For Jurassic World,  which looks poised to break box office records this weekend with a North American debut between $181-$200 million, director Colin Trevorrow went back to ILM, this time with VFX led by Alexander, who won a BAFTA Award for the VFX on The Perfect Storm and earned an Oscar nomination for The Lone Ranger. The director also assembled some of the key members of the original team as consultants, including Muren, Phil Tippett (credited as ‘dinosaur supervisor’ in the first film and also received a VFX Oscar), Rick Carter (production designer) and Gary Rydstrom (who received Oscars for best sound and best sound effects editing on the first film).

"A lot of that came from Colin; he wanted to honor he original while still making something new," Alexander said, adding that it was “fantastic" to have MurrenTippett [and others from the original team that are still at ILM] to offer advice on the VFX. And they had fun. Alexander recalled a day when they were planning a scene during which "we had miniatures and toy dinosaurs and Phil was jumping up on a table."
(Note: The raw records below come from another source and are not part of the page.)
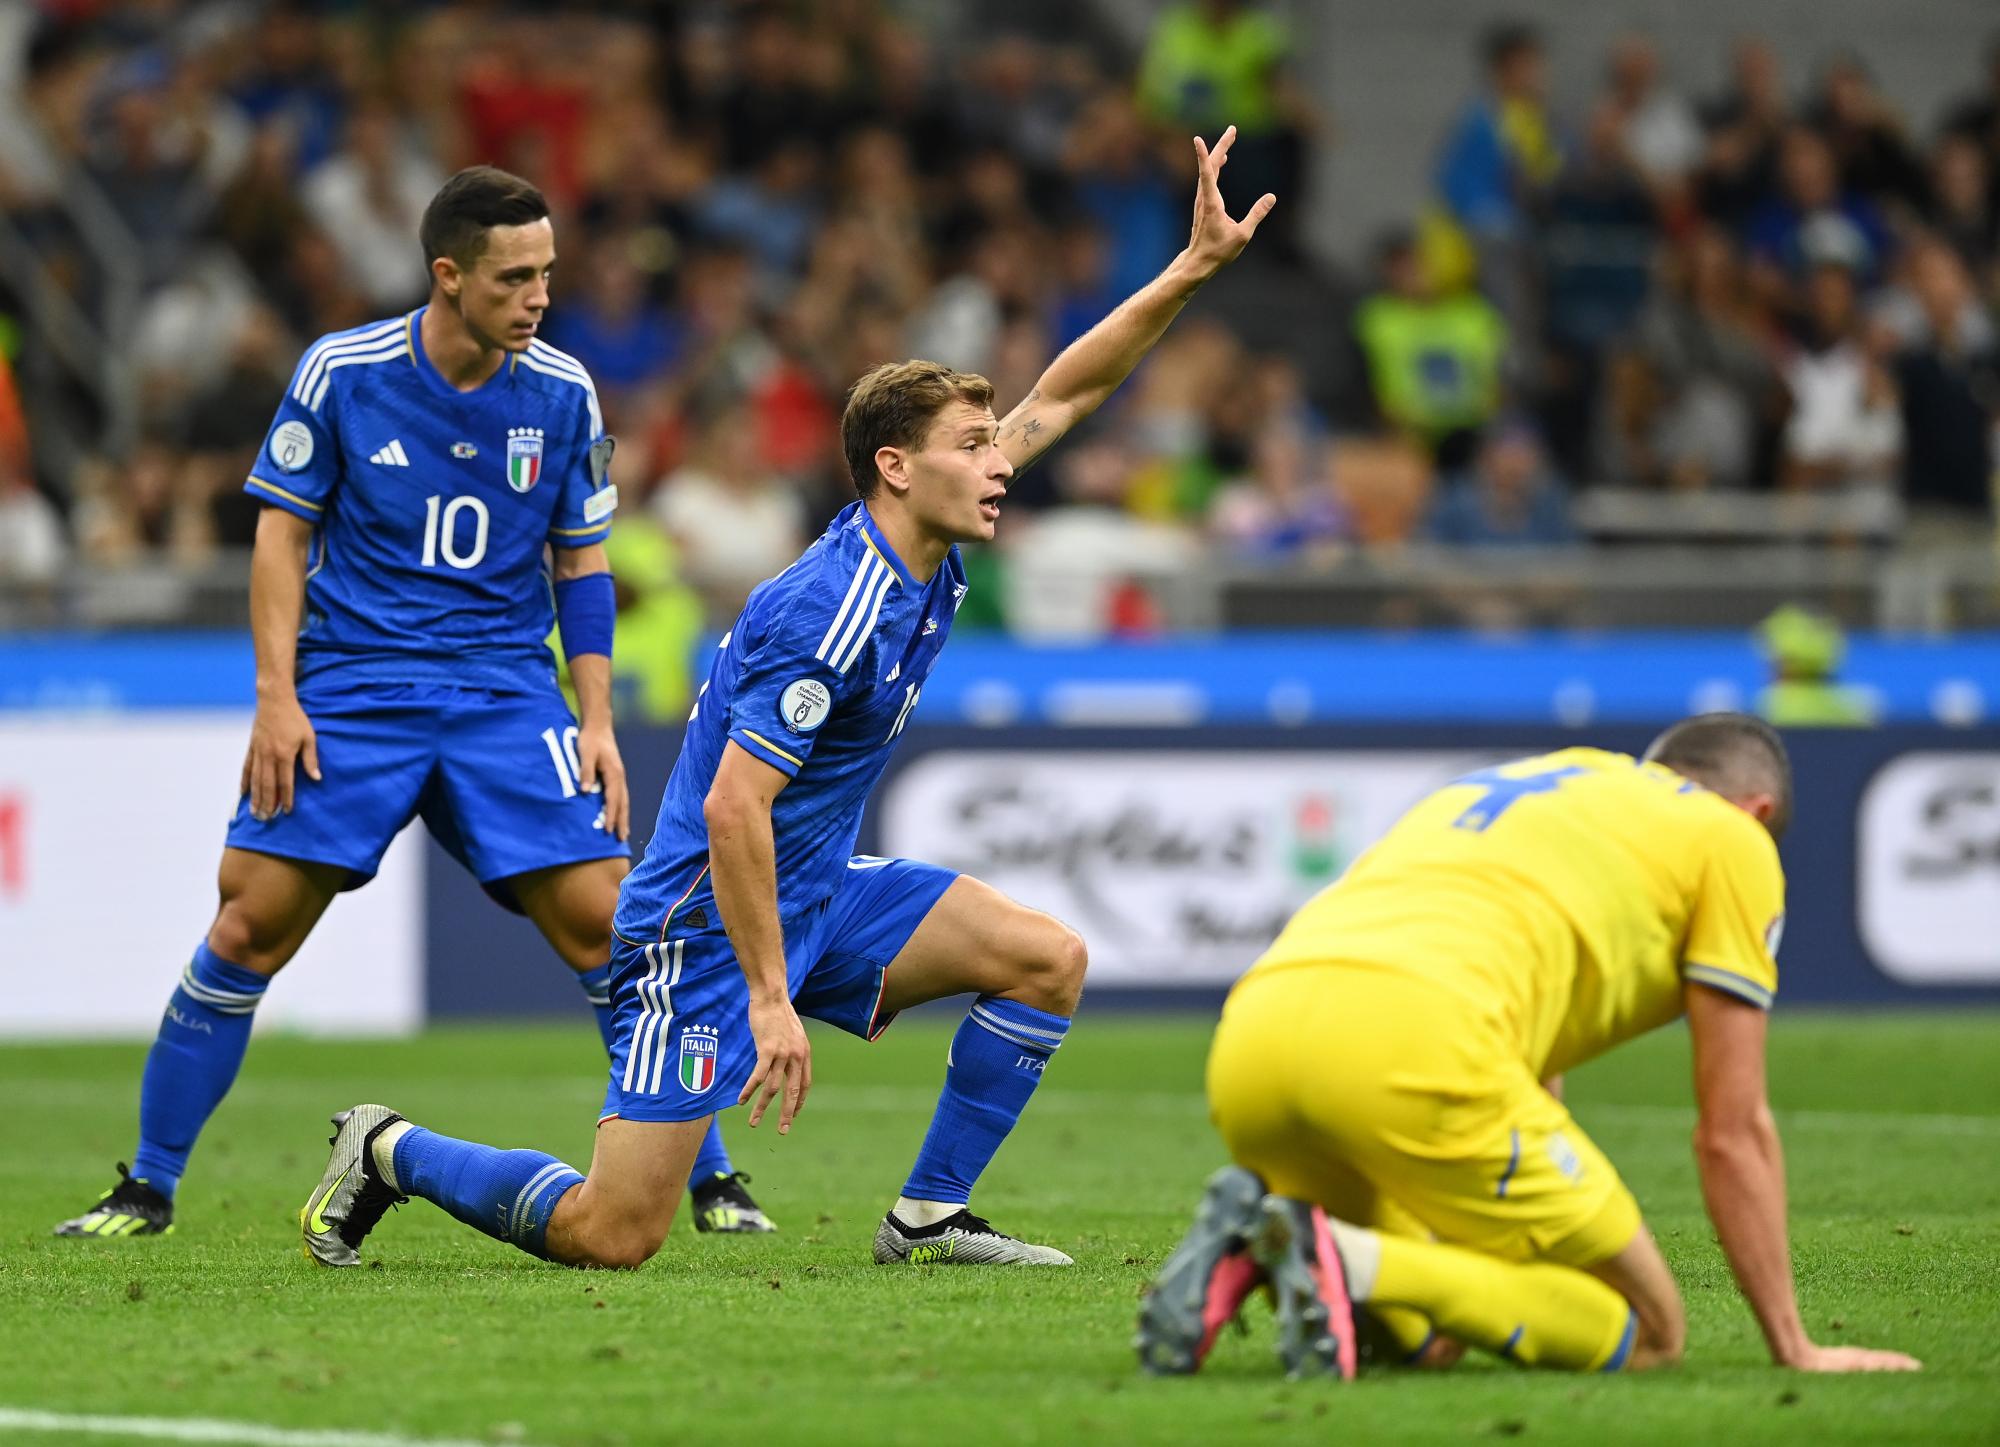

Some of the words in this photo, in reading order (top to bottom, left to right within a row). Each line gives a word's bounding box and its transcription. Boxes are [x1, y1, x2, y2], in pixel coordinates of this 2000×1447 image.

[421, 494, 489, 569] 10
[796, 690, 822, 708] CHAMPIONS
[799, 685, 825, 703] EUROPEAN
[684, 1039, 714, 1053] ITALIA
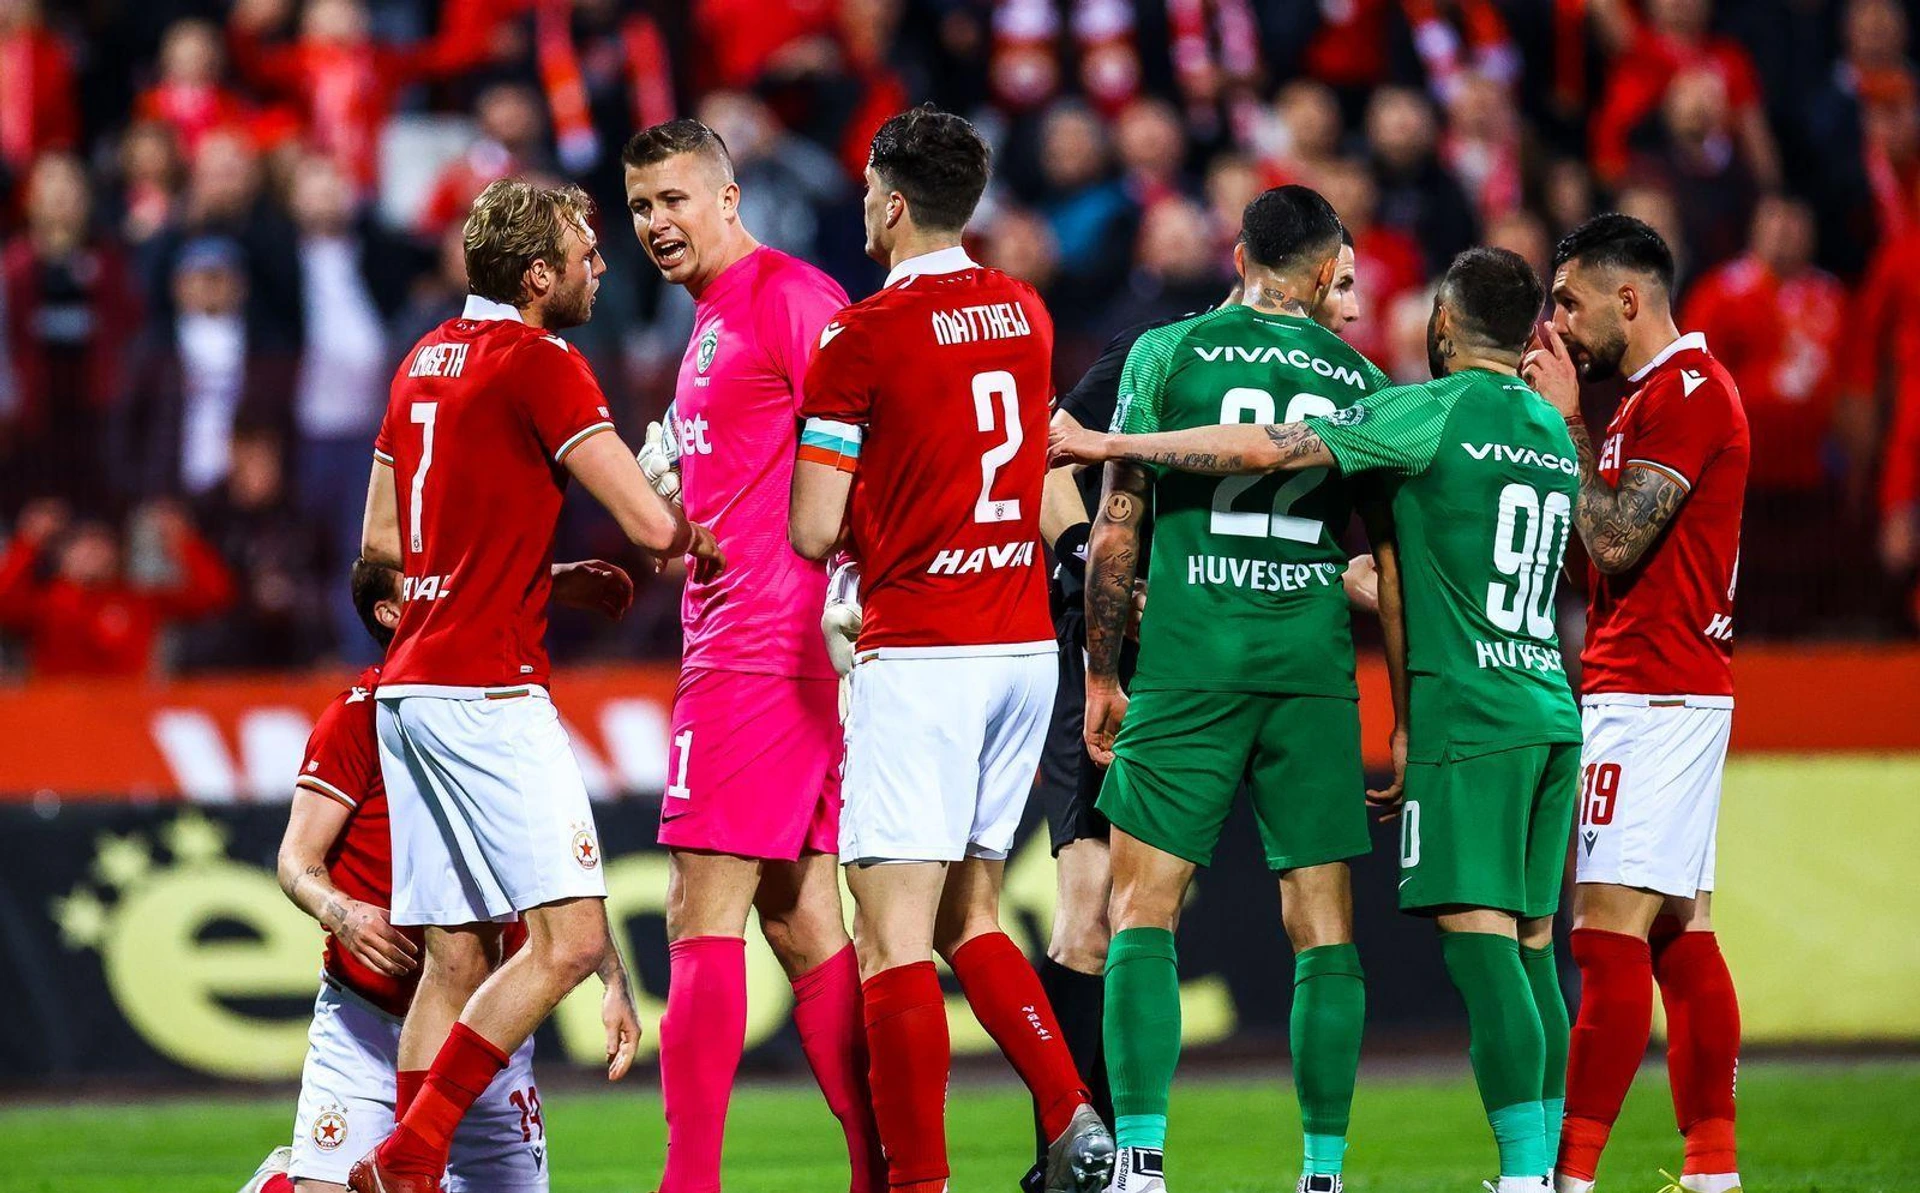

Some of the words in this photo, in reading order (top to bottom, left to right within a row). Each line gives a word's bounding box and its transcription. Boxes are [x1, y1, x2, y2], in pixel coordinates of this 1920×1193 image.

[931, 302, 1030, 345] MATTHEIJ
[1193, 346, 1366, 390] VIVACOM
[410, 401, 438, 553] 7
[971, 370, 1024, 523] 2
[1487, 483, 1571, 639] 90
[669, 729, 693, 799] 1
[1582, 763, 1622, 826] 19
[509, 1086, 543, 1143] 14
"It’s a dinosaur movie at heart, and we’ve been doing creatures for years," he said of Jurassic World. "We had to do something to make this different, but also has the pressure to live up to what ILM did previously."

Jurassic World’s dinosaurs are mostly CG, with just a few animatronic creatures. Alexander explained that one of the big changes on this film was that they used motion capture to create the raptors' performances. "They were a good size — human size. We had tryouts and we cast people from ILM as each dinosaur. We gave them a tail and did motion capture."

With 20 years of research and development, the skin and muscle movement of the dinosaurs is, of course, far more complex than prior films. For Jurassic World, the team even used a newly developed muscle firing system to fire and squeeze the muscles at the right points.

Jurassic World also introduces a new dinosaur, Indominus Rex, which in the story is hybrid created using the DNA of multiple species. The “D-rex” — it’s nickname at ILM before the dinosaur was named — is nearly 50 feet long, weighs a few tons, can run at about 35 miles an hour, and has long arms and a tail that’s armored with spikes. To develop the look, movement and animal behavior, ILM artists referenced animals including rhinos, hippos, elephants and ostriches.

Muren related that part of the advice he offered the VFX team was to keep it earth-bound to make it feel real. "They are not monsters, but animals. So we have to get the right weight and gravity." He added, "Also there were little things we did on the first film to make them scarier, such as adding a little light in the mouth so you can really see their teeth."

"I thought the guys did a great job," he said. "They look amazingly big and have an incredible sense of power and weight. The motion is more animalistic than anything before."

And as to the story in the Jurassic films, Muren noted the cautionary tales might be even more relevant today. "This could be going on right now with genetic engineering," he said. "I don't see that not happening. There are people doing things they probably shouldn’t."